> _What to do_:
Would you transcribe the entries below word for word, omitting all images?

> _Records for this exercise_:
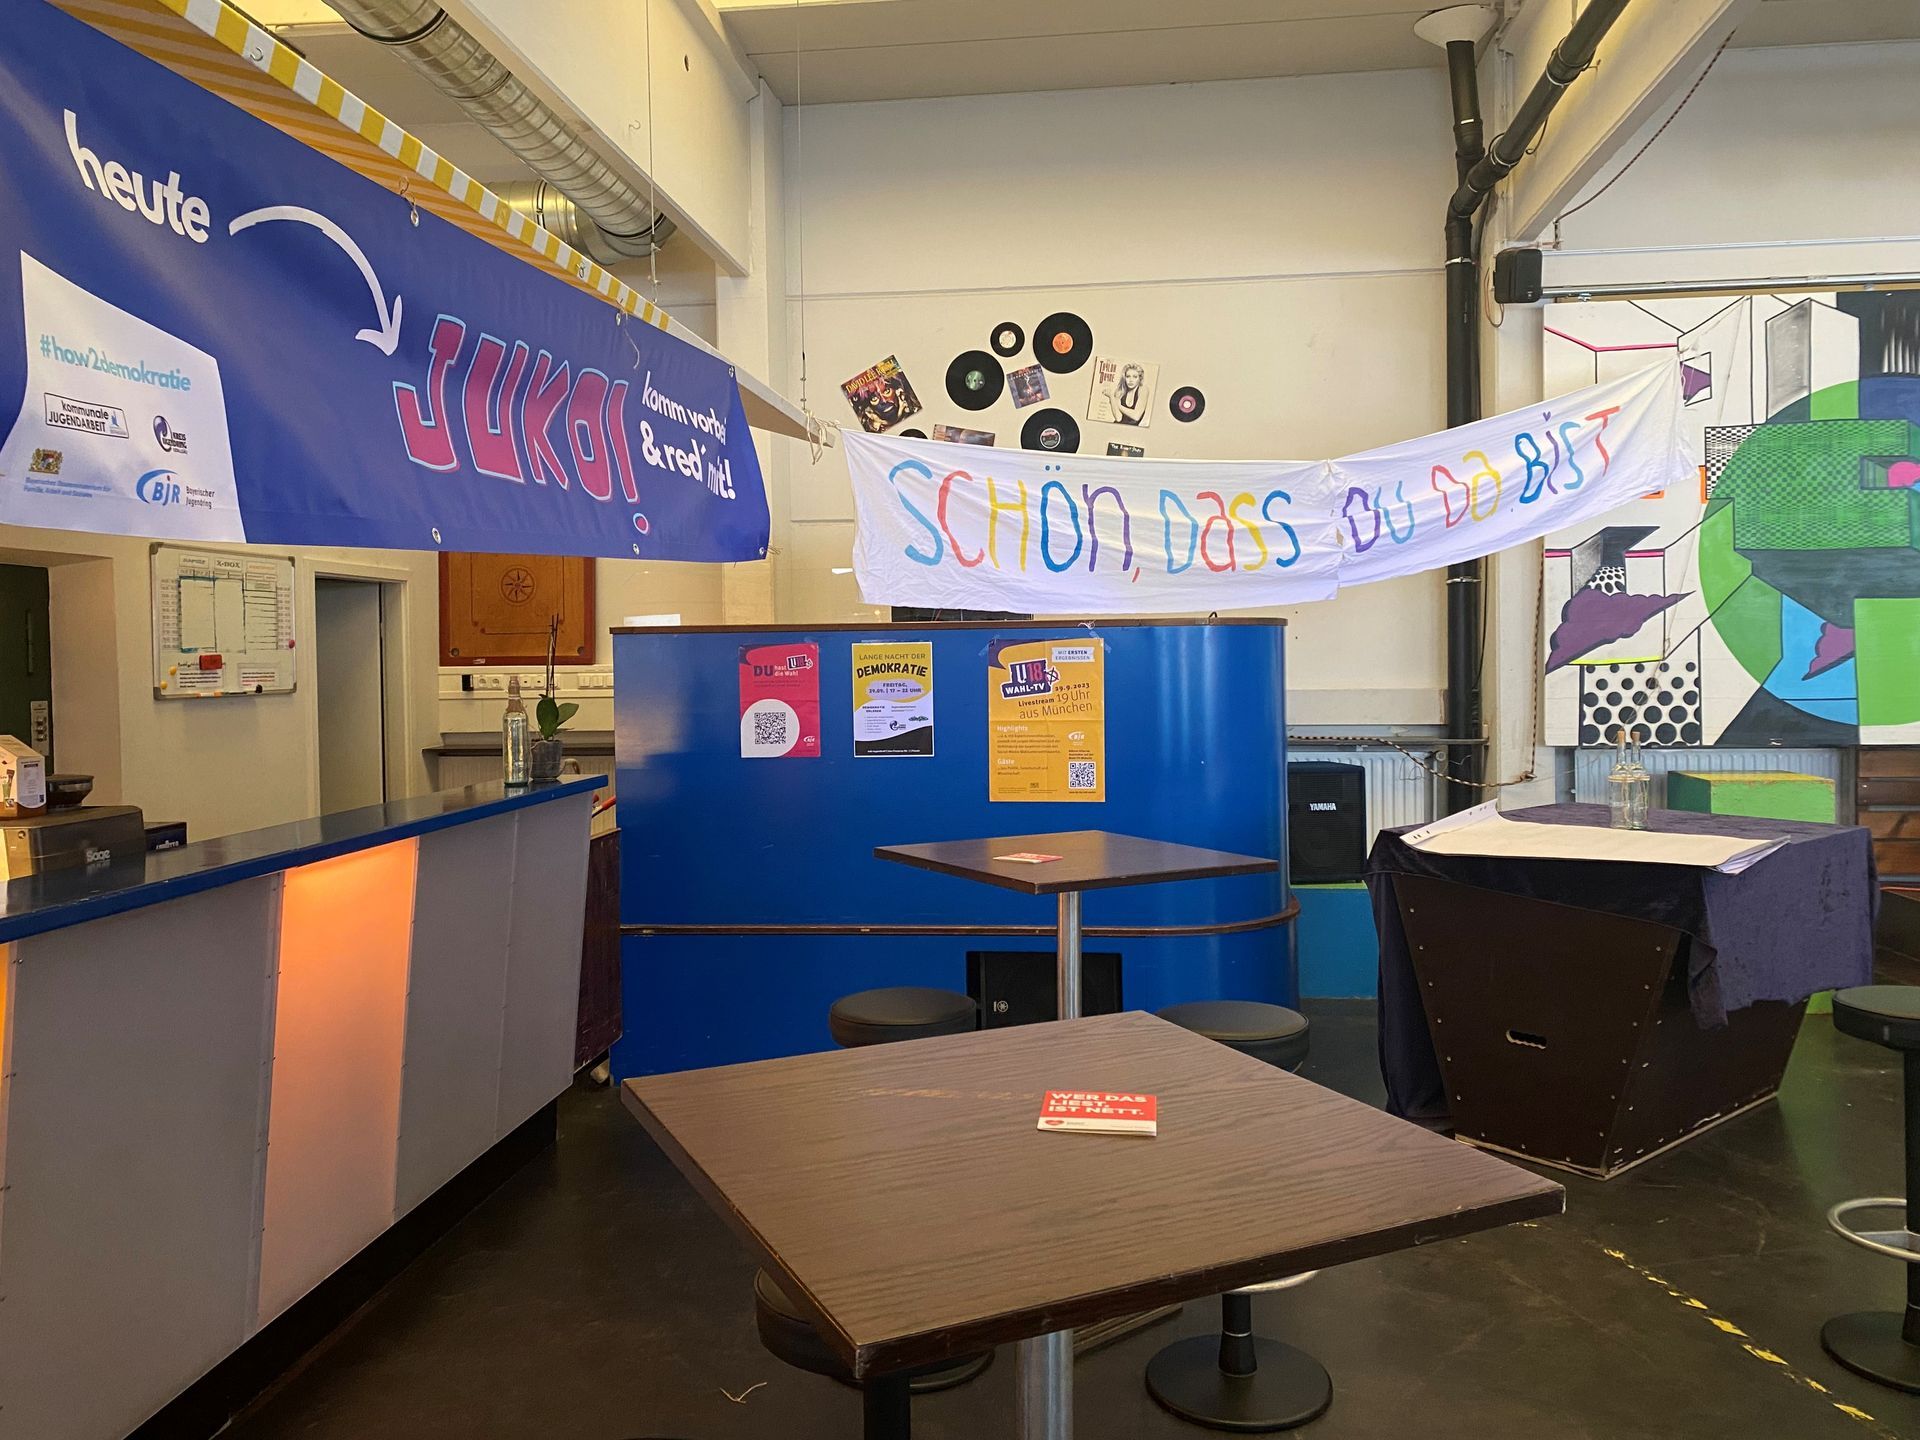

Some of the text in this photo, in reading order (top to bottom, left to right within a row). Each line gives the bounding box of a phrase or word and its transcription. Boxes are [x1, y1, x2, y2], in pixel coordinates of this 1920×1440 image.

[63, 108, 210, 243] heute
[39, 334, 192, 391] #how2demokratie
[642, 370, 688, 425] komm
[61, 400, 109, 420] kommunale
[48, 411, 106, 433] JUGENDARBEIT
[392, 313, 650, 535] JUKO!
[640, 420, 667, 469] &
[707, 455, 737, 500] mit!
[185, 486, 215, 498] Bayerischer
[185, 497, 212, 510] Jugendring
[753, 665, 774, 677] DU
[856, 662, 928, 679] DEMOKRATIE
[1015, 662, 1043, 684] U18
[1005, 683, 1045, 695] WAHL-TV
[1018, 690, 1090, 707] Livestream 19 Uhr
[1020, 710, 1039, 719] aus
[1309, 803, 1336, 811] YAMAHA
[1085, 1106, 1144, 1115] NETT.
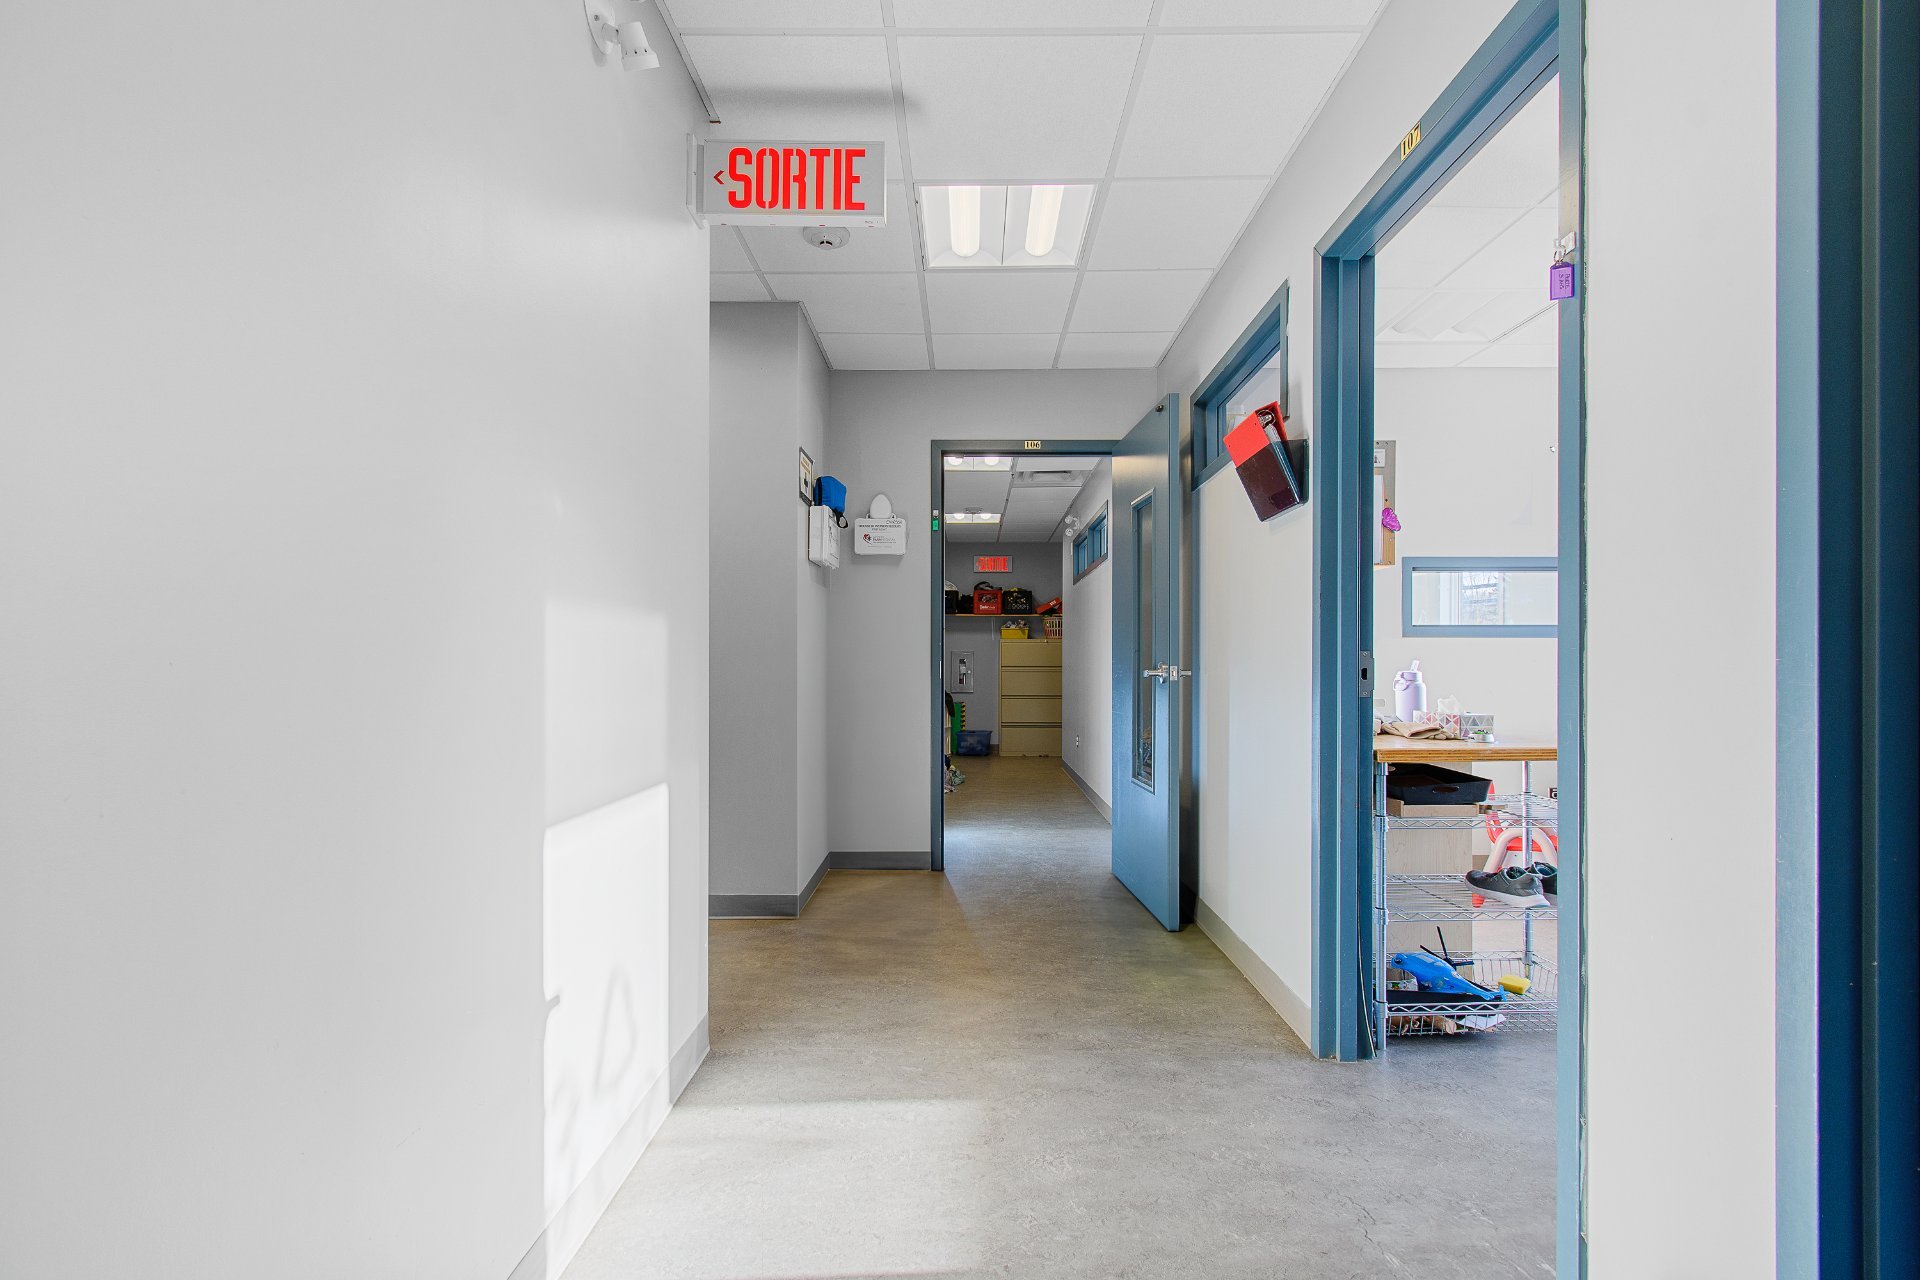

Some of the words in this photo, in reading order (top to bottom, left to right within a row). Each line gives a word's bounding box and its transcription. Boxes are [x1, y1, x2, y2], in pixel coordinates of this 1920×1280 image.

[1402, 123, 1420, 156] 107
[728, 147, 866, 211] SORTIE
[1026, 441, 1040, 449] 106
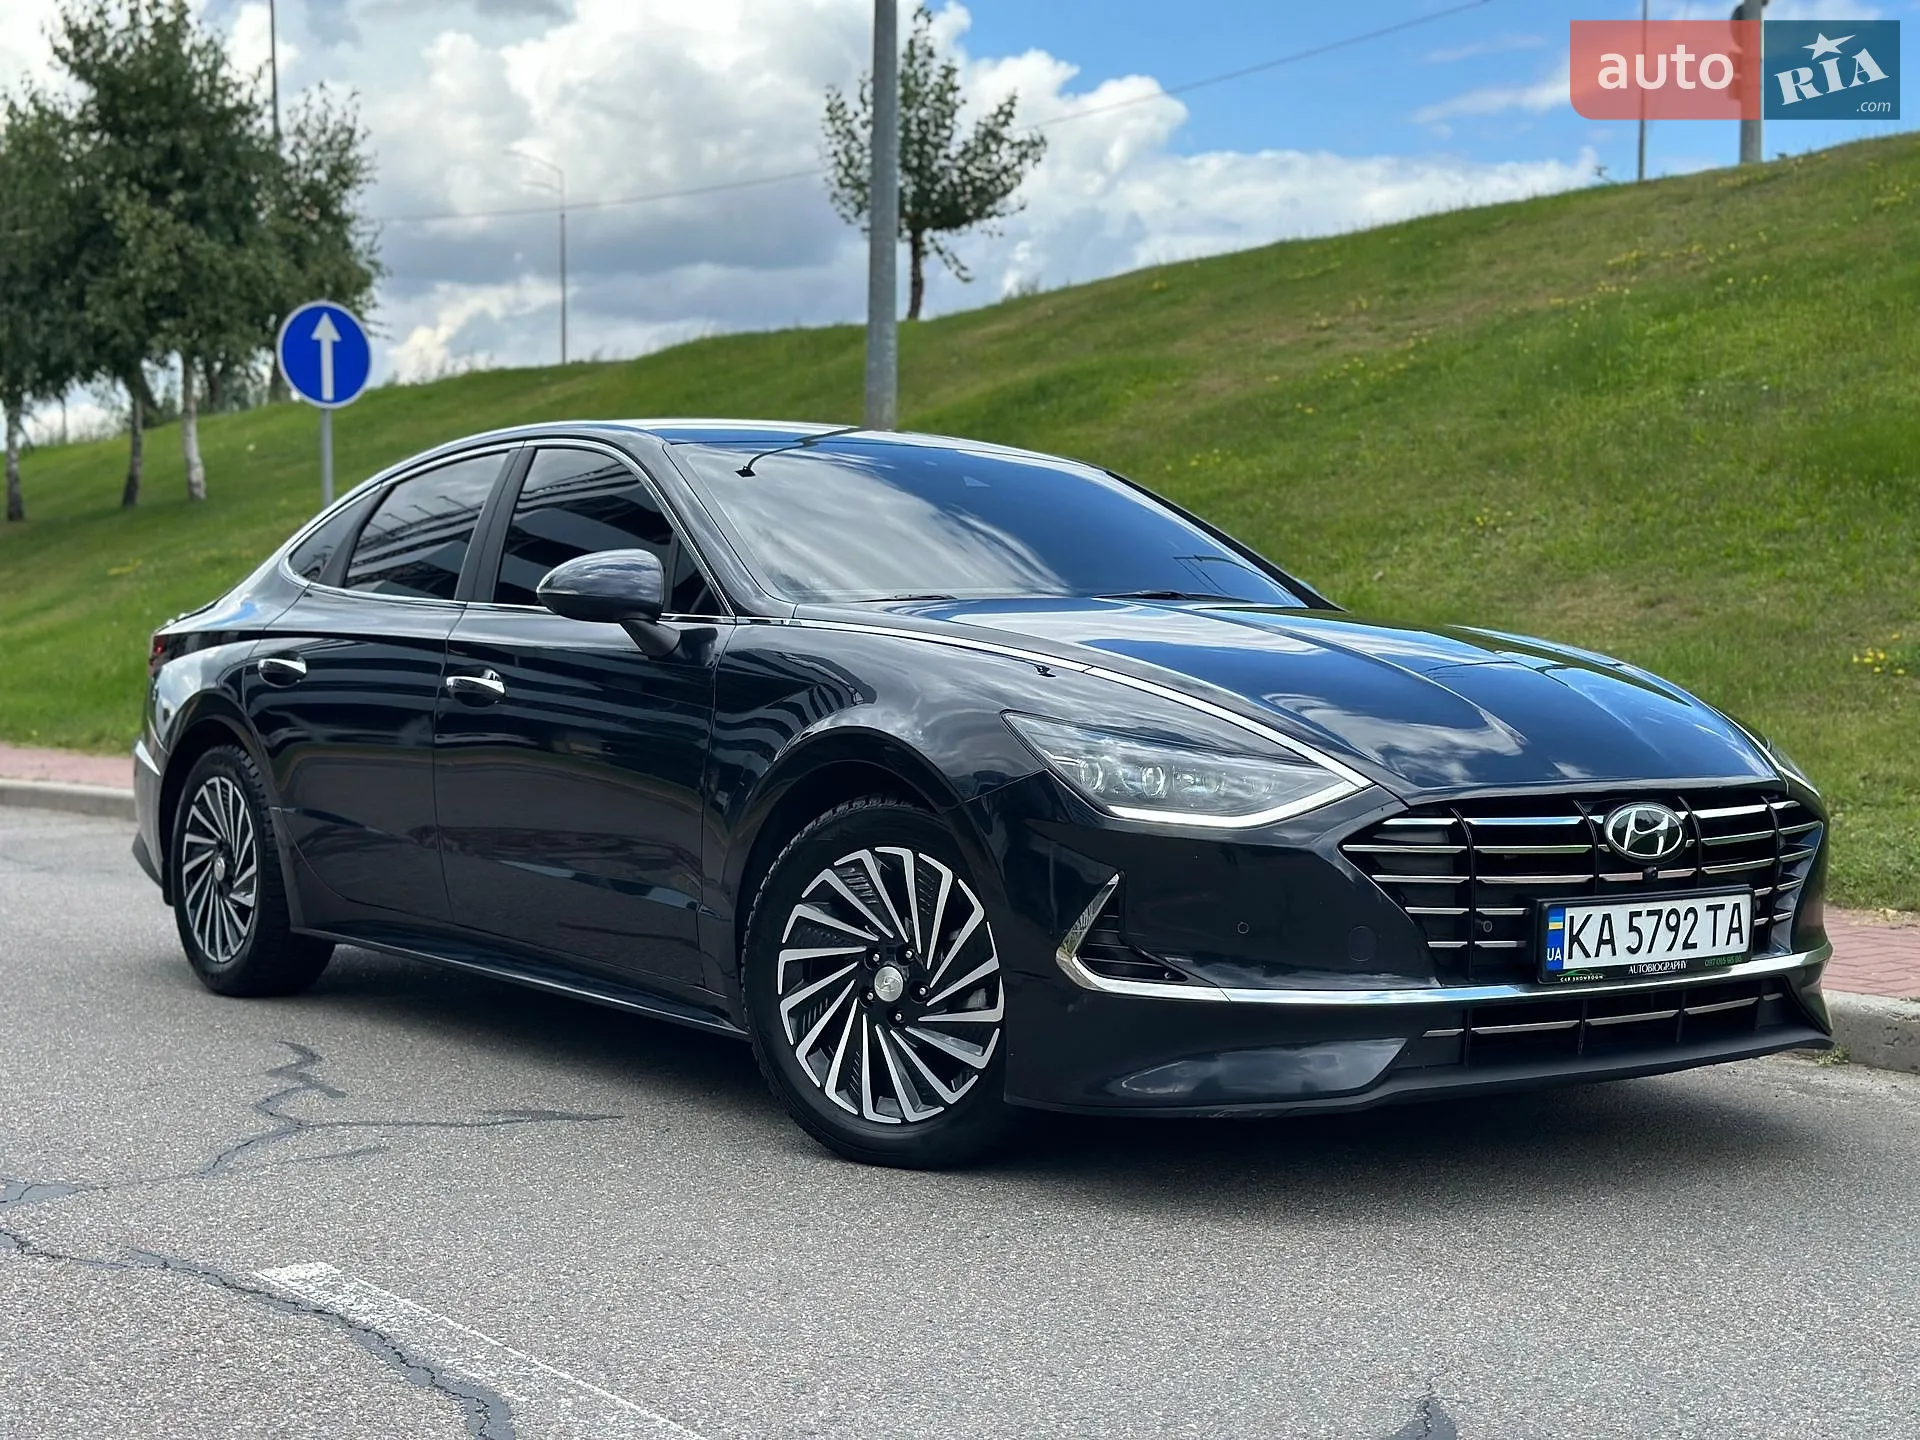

> _Result of this exercise_:
Some of the text in this photo, in reading order (top to bottom, left to right within a row). Each line gives the bounding box of a phrase or word and its transcription. Boxes are [x1, y1, x2, y2], in pixel coordinates of this 1920×1440 image.

[63, 108, 210, 243] heute
[39, 334, 192, 391] #how2demokratie
[642, 370, 688, 425] komm
[61, 400, 109, 420] kommunale
[48, 411, 106, 433] JUGENDARBEIT
[392, 313, 650, 535] JUKO!
[640, 420, 667, 469] &
[707, 455, 737, 500] mit!
[185, 486, 215, 498] Bayerischer
[185, 497, 212, 510] Jugendring
[753, 665, 774, 677] DU
[856, 662, 928, 679] DEMOKRATIE
[1015, 662, 1043, 684] U18
[1005, 683, 1045, 695] WAHL-TV
[1018, 690, 1090, 707] Livestream 19 Uhr
[1020, 710, 1039, 719] aus
[1309, 803, 1336, 811] YAMAHA
[1085, 1106, 1144, 1115] NETT.

Some of the words in this photo, in reading order (top to bottom, left to right within a row). Each line gives a word's bounding box and its transcription. Boxes are [x1, y1, x2, y2], in pixel coordinates of this 1920×1280 image.

[1402, 123, 1420, 156] 107
[728, 147, 866, 211] SORTIE
[1026, 441, 1040, 449] 106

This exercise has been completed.